Search code examples
pythonarraysmatplotlibsequencevalueerror

ValueError: setting an array element with a sequence when trying to plot with matplotlib


When I was trying to run the following code:

from matplotlib import pyplot as plt

Xpos = df[df['bound']==1]
Xneg = df[df['bound']==0]
y1, X1 = Xpos['Id'].values, Xpos['seq'].values
y2, X2 = Xneg['Id'].values, Xneg['seq'].values

fig, ax = plt.subplots()
ax.plot(y1, X1 , label='bounded sequences', color='blue')
ax.plot(y2, X2 , label='unbounded sequences', color='red')
plt.show()

I got this error:ValueError: setting an array element with a sequence.
The sample output of df is like the one you find here.
Can anyone help?
Thanks.


Solution

  • the issue here is that you are trying to plot a list of lists.

    For the purpose of explaining you the issue, I created a sample dataset similar to the one you are using (the only difference is that the sequences are shorter).

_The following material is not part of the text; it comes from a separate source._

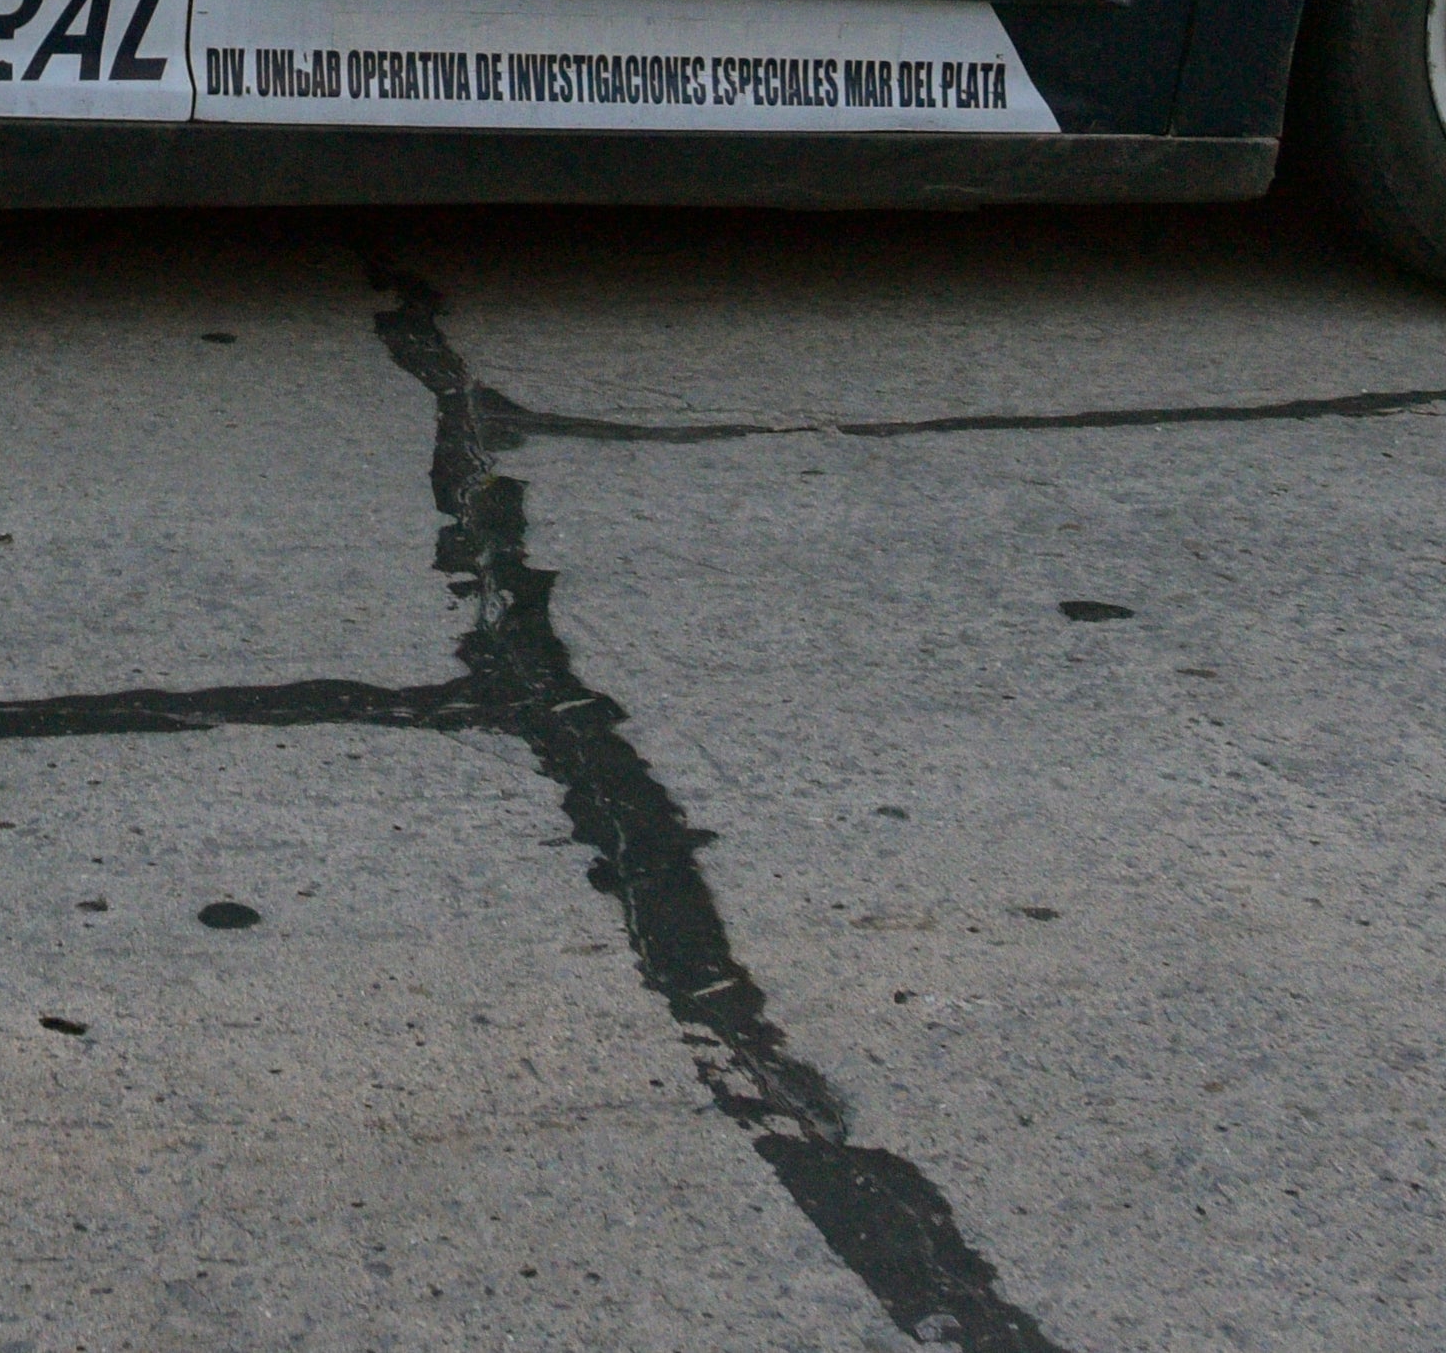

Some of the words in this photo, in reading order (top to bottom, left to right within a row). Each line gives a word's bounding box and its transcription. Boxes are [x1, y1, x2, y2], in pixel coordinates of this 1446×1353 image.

Here is the code that I'm using to create the dataset:

    df_dict = {
        "Id": [0, 1, 2, 3, 4],
        "seq": [[0, 0, 1, 0], [0, 1, 0, 0], [0, 0, 1, 0], [0, 0, 1, 0], [0, 0, 1, 0]],
        "bound": [1, 0, 1, 0, 1]
    }
    df = pd.DataFrame(df_dict)
    

    If we now execute the first part of your code and print the X1 variable:

    Xpos = df[df['bound']==1]
    Xneg = df[df['bound']==0]
    y1, X1 = Xpos['Id'].values, Xpos['seq'].values
    y2, X2 = Xneg['Id'].values, Xneg['seq'].values
    print(X1)
    

    The output will be:

    [list([0, 0, 1, 0]) list([0, 0, 1, 0]) list([0, 0, 1, 0])]
    

    If what you would like to plot for X1 is the concatenation of each list, e.g. [0, 0, 1, 0, 0, 0, 1, 0, 0, 0, 1, 0], this might solve your problem:

    import pandas as pd
    from matplotlib import pyplot as plt
    
    df_dict = {
        "Id": [0, 1, 2, 3, 4],
        "seq": [[0, 0, 1, 0], [0, 1, 0, 0], [0, 0, 1, 0], [0, 0, 1, 0], [0, 0, 1, 0]],
        "bound": [1, 0, 1, 0, 1]
    }
    df = pd.DataFrame(df_dict)
    
    Xpos = df[df['bound']==1]
    Xneg = df[df['bound']==0]
    print(Xpos)
    y1, X1 = Xpos['Id'].values, [elem for sub_list in Xpos['seq'].values for elem in sub_list]
    y2, X2 = Xneg['Id'].values, [elem for sub_list in Xneg['seq'].values for elem in sub_list]
    print(y1)
    print(X1)
    fig, ax = plt.subplots()
    ax.plot(X1, label='bounded sequences', color='blue')
    ax.plot(X2, label='unbounded sequences', color='red')
    plt.show()
    

    If you want a scatter plot instead of a line plot, you just need to replace the two ax.plot functions with the following:

    ax.scatter(range(len(X1)), X1, label='bounded sequences', color='blue')
    ax.scatter(range(len(X2)), X2, label='unbounded sequences', color='red')